▼

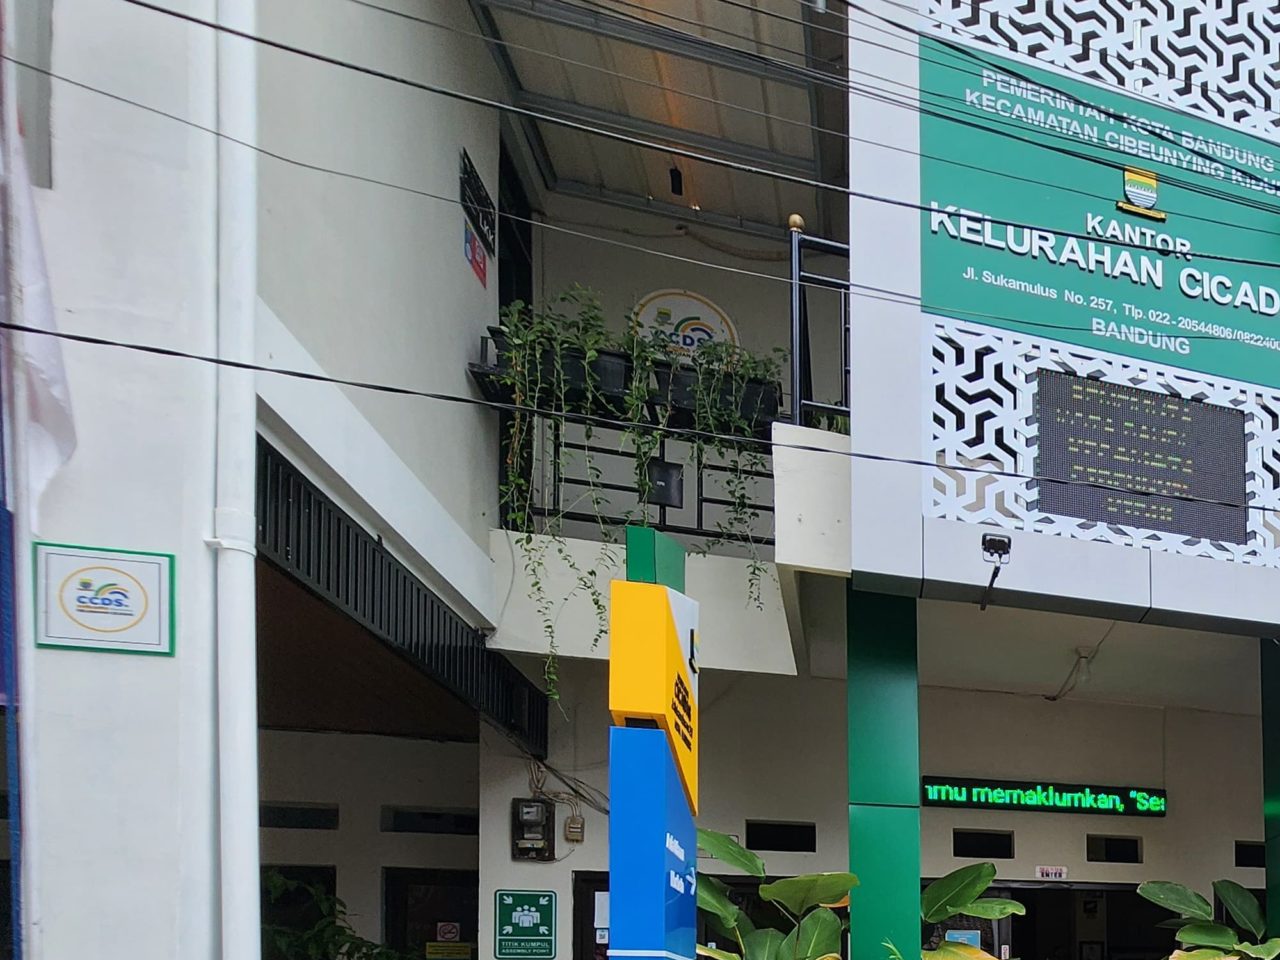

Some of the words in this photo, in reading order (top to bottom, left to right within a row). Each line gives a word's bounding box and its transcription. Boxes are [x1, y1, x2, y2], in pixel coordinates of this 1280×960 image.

[965, 88, 1098, 142] KECAMATAN
[1104, 131, 1225, 180] CIBEUNYING
[982, 69, 1114, 126] PEMERINTAH
[1123, 112, 1176, 142] KOTA
[1181, 130, 1274, 173] BANDUNG
[930, 201, 1163, 289] KELURAHAN
[1086, 212, 1193, 260] KANTOR
[962, 266, 978, 280] Jl.
[982, 271, 1057, 299] Sukamulus
[1064, 289, 1087, 306] No.
[1090, 295, 1117, 315] 257,
[1092, 317, 1190, 354] BANDUNG
[972, 785, 1124, 812] memaklumkan,
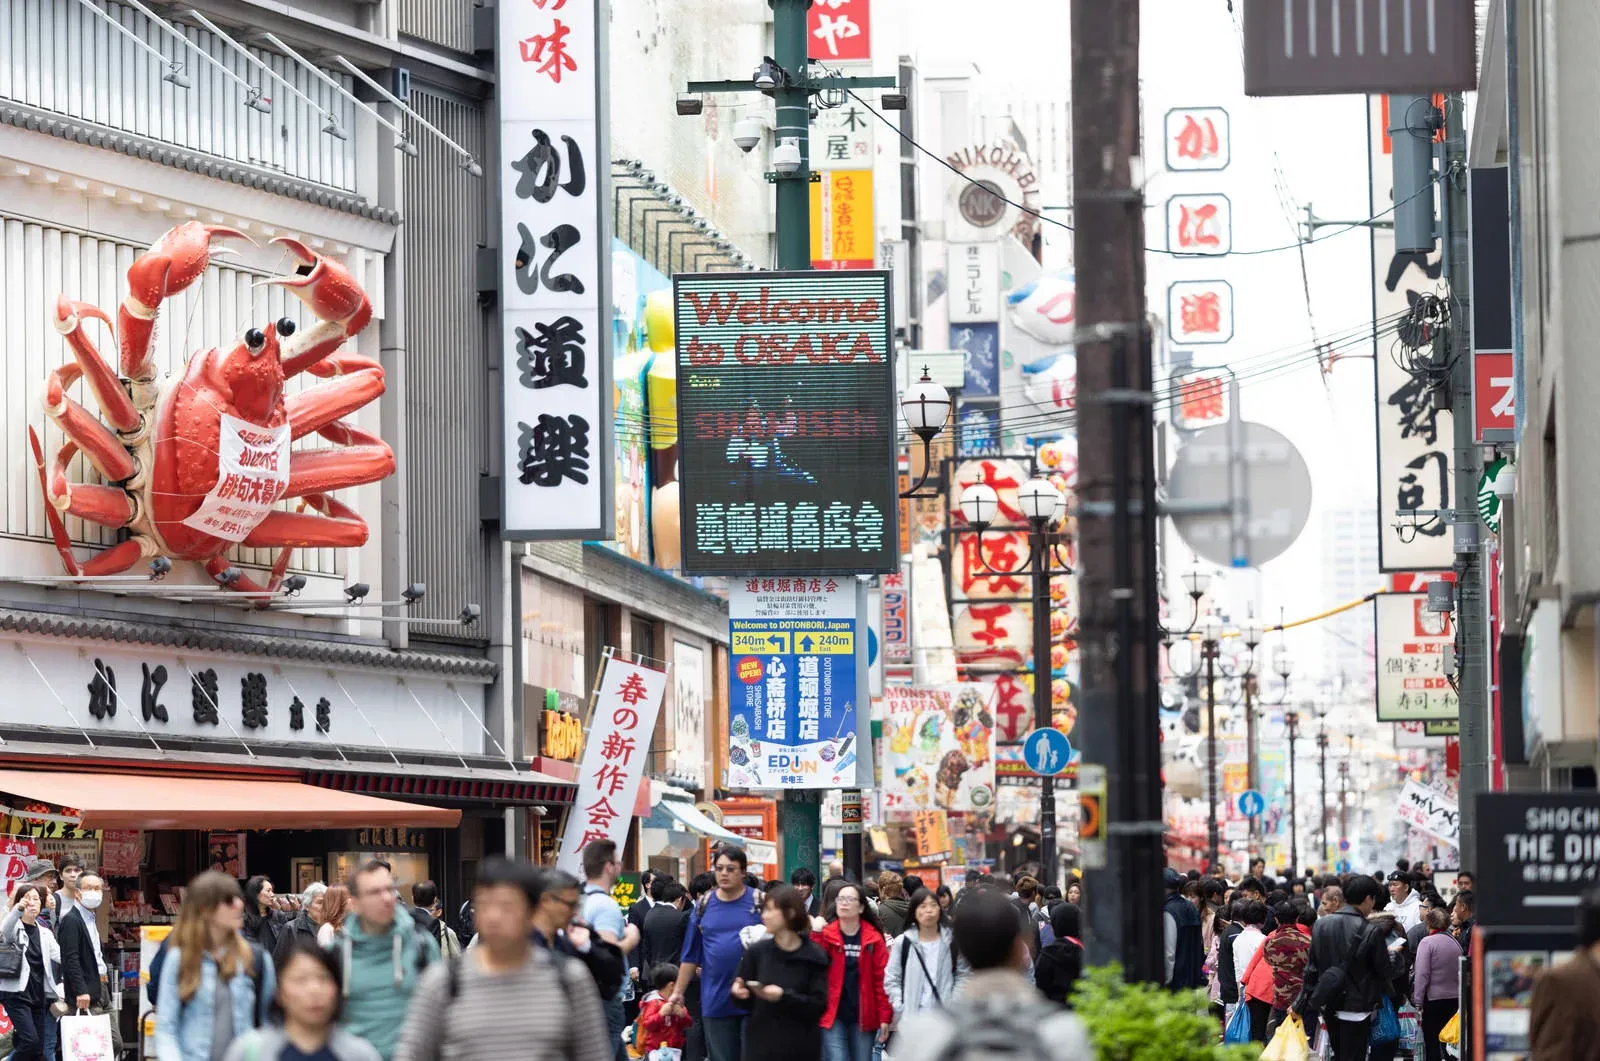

▲

> [TASK PROMPT]: Set down all of the material word for word, minus its pictures.

> [EXERCISE ANSWER]:
Some of the words in this photo, in reading order (top to bottom, left to right within a row). Each line gives a word's bounding box and its transcription. Boxes are [x1, y1, x2, y2], in pixel coordinates of this 1280×960 image.

[965, 88, 1098, 142] KECAMATAN
[1104, 131, 1225, 180] CIBEUNYING
[982, 69, 1114, 126] PEMERINTAH
[1123, 112, 1176, 142] KOTA
[1181, 130, 1274, 173] BANDUNG
[930, 201, 1163, 289] KELURAHAN
[1086, 212, 1193, 260] KANTOR
[962, 266, 978, 280] Jl.
[982, 271, 1057, 299] Sukamulus
[1064, 289, 1087, 306] No.
[1090, 295, 1117, 315] 257,
[1092, 317, 1190, 354] BANDUNG
[972, 785, 1124, 812] memaklumkan,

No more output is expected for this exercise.